Your MATLAB code is correct, but it implicitly assumes a uniform distribution for the uncertainties. This is evident from how the Latin Hypercube Sampling (LHS) is scaled.
However, if we are to cover 90% of the distribution probability and we don't have a specific distribution in mind, the normal distribution is a reasonable assumption due to its common usage in uncertainty analysis.The folllowing code models the uncertainties as normally distributed:
% Define the variables
p1 = 155;
p2 = 189;
p3 = 232;
% Define the relative uncertainties
rel_unc1 = 0.15;
rel_unc2 = 0.20;
rel_unc3 = 0.30;
% Calculate the standard deviations
std_dev1 = p1 * rel_unc1 / 2;
std_dev2 = p2 * rel_unc2 / 2;
std_dev3 = p3 * rel_unc3 / 2;
% Set the number of samples to generate
n_samples = 100;
% Generate the random samples using Latin Hypercube Sampling
lhs = lhsdesign(n_samples, 3);
% Scale the samples to cover more than 90% of the distribution
lhs1 = p1 + std_dev1 * norminv(lhs(:, 1), 0, 1);
lhs2 = p2 + std_dev2 * norminv(lhs(:, 2), 0, 1);
lhs3 = p3 + std_dev3 * norminv(lhs(:, 3), 0, 1);
% Concatenate the samples into a matrix
lhs_samples = [lhs1, lhs2, lhs3];
% Write the results to a CSV file
header = {'p1', 'p2', 'p3'};
fid = fopen('p_samples.csv', 'w');
fprintf(fid, '%s,%s,%s\n', header{:});
fclose(fid);
dlmwrite('p_samples.csv', lhs_samples, '-append');
The above code has the following necessary changes to model the normal distribution:
  1. Standard Deviation Calculation: We calculate the standard deviation 'std_dev' for each parameter to ensure that the range covers more than 90% of the distribution, which corresponds to approximately two standard deviations for a normal distribution.

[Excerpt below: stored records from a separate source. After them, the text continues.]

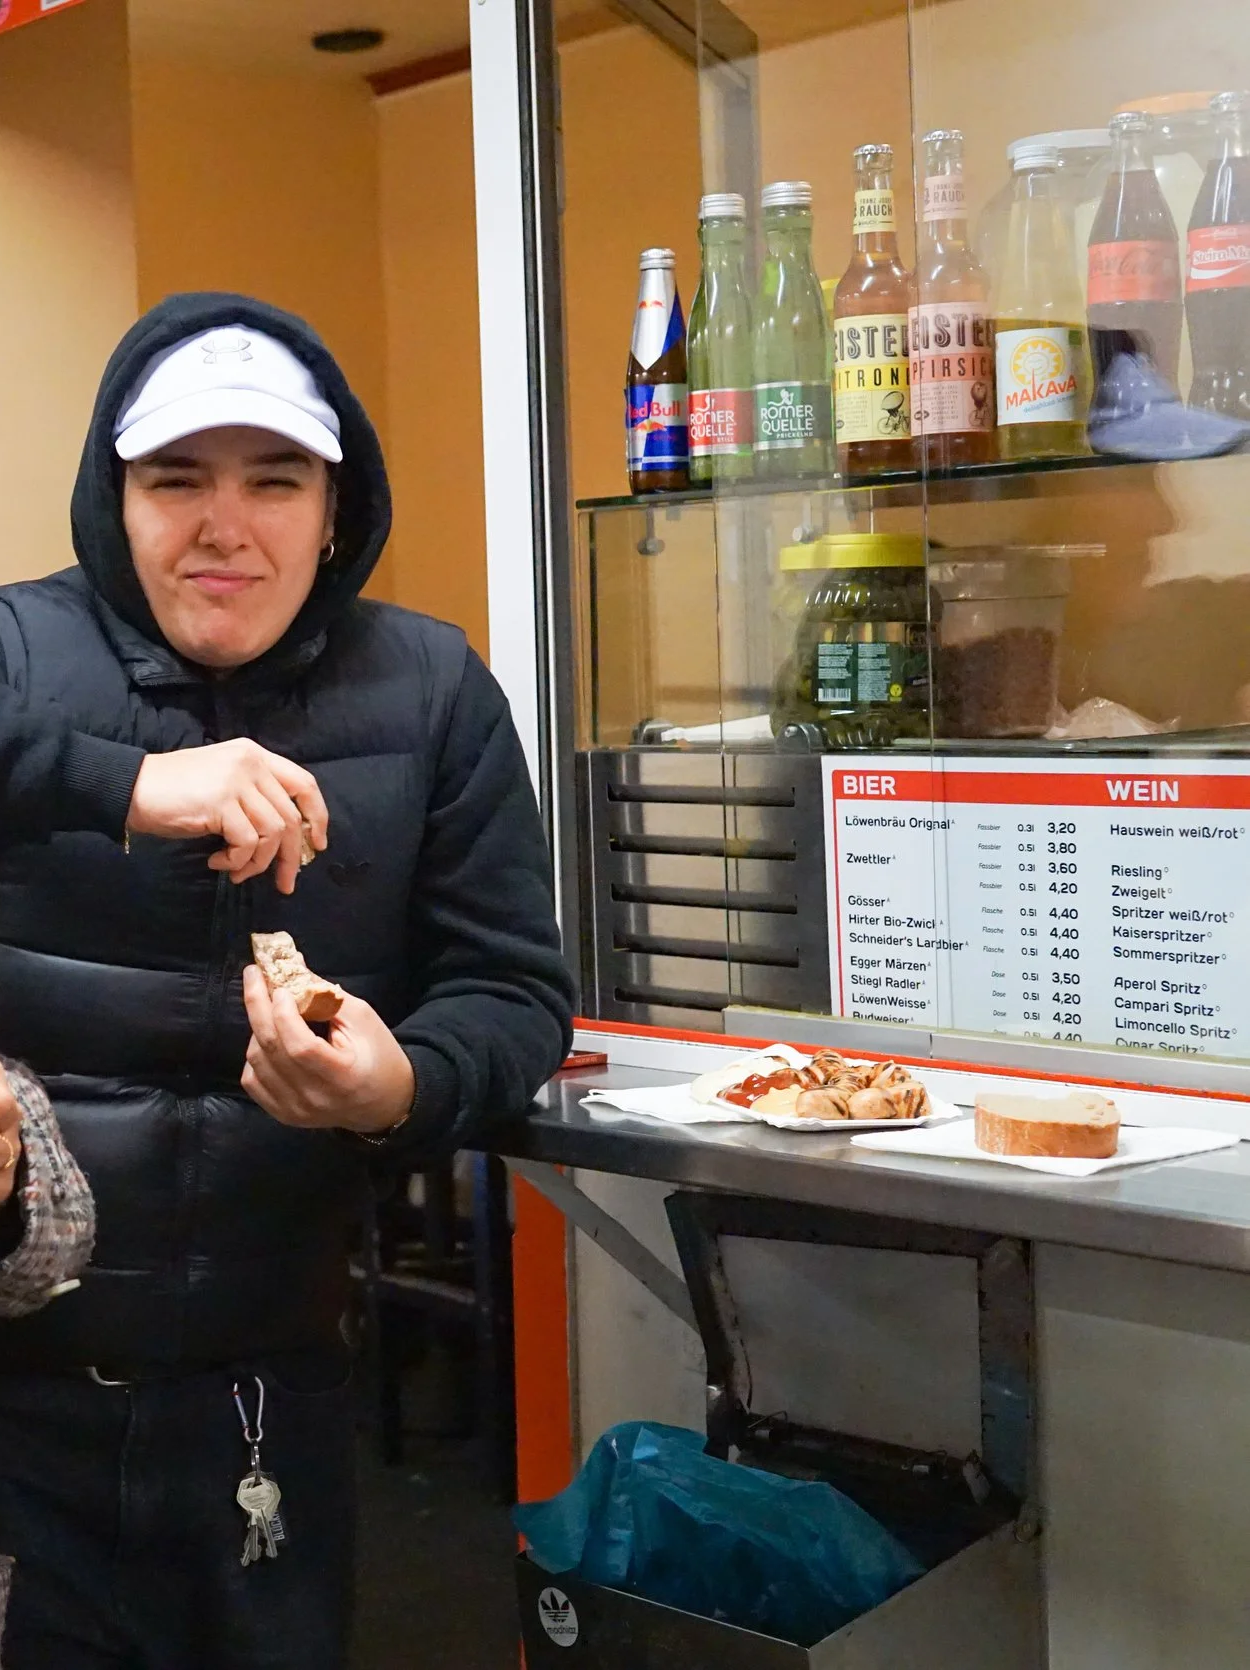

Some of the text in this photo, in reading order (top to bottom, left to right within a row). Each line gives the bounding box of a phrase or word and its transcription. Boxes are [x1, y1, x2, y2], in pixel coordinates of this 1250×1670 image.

[859, 204, 893, 217] RAUCH
[912, 356, 992, 381] PFIRSIC
[838, 367, 909, 389] ITRON
[651, 401, 681, 417] Bull
[690, 422, 734, 441] QUELLE
[761, 418, 813, 436] QUELLE
[842, 775, 896, 796] BIER
[1106, 780, 1179, 802] WEIN
[845, 815, 905, 828] Löwenbräu
[1047, 822, 1076, 835] 3,20
[1110, 824, 1174, 837] Hauswein
[1047, 842, 1077, 854] 3,80
[1048, 862, 1077, 875] 3,60
[1049, 882, 1078, 895] 4,20
[1049, 907, 1079, 920] 4,40
[1112, 905, 1165, 919] Spritzer
[848, 914, 880, 926] Hirter
[849, 932, 913, 946] Schneider's
[1050, 927, 1079, 940] 4,40
[1050, 947, 1080, 960] 4,40
[850, 956, 881, 970] Egger
[851, 974, 881, 989] Stiegl
[1051, 972, 1081, 985] 3,50
[1114, 976, 1157, 991] Aperol
[1052, 992, 1081, 1005] 4,20
[1114, 996, 1169, 1013] Campari
[1052, 1012, 1082, 1025] 4,20
[1115, 1016, 1186, 1035] Limoncello

  2. Latin Hypercube Sampling: We generate Latin Hypercube samples for three parameters simultaneously to ensure the samples are properly correlated.
  3. Scaling Samples: We scale the samples using the 'norminv' function to transform the uniformly distributed Latin Hypercube samples into normally distributed samples with the specified standard deviations.
You can refer to the following references for more information on the functions used in the code above:
Hope this helps you with your work.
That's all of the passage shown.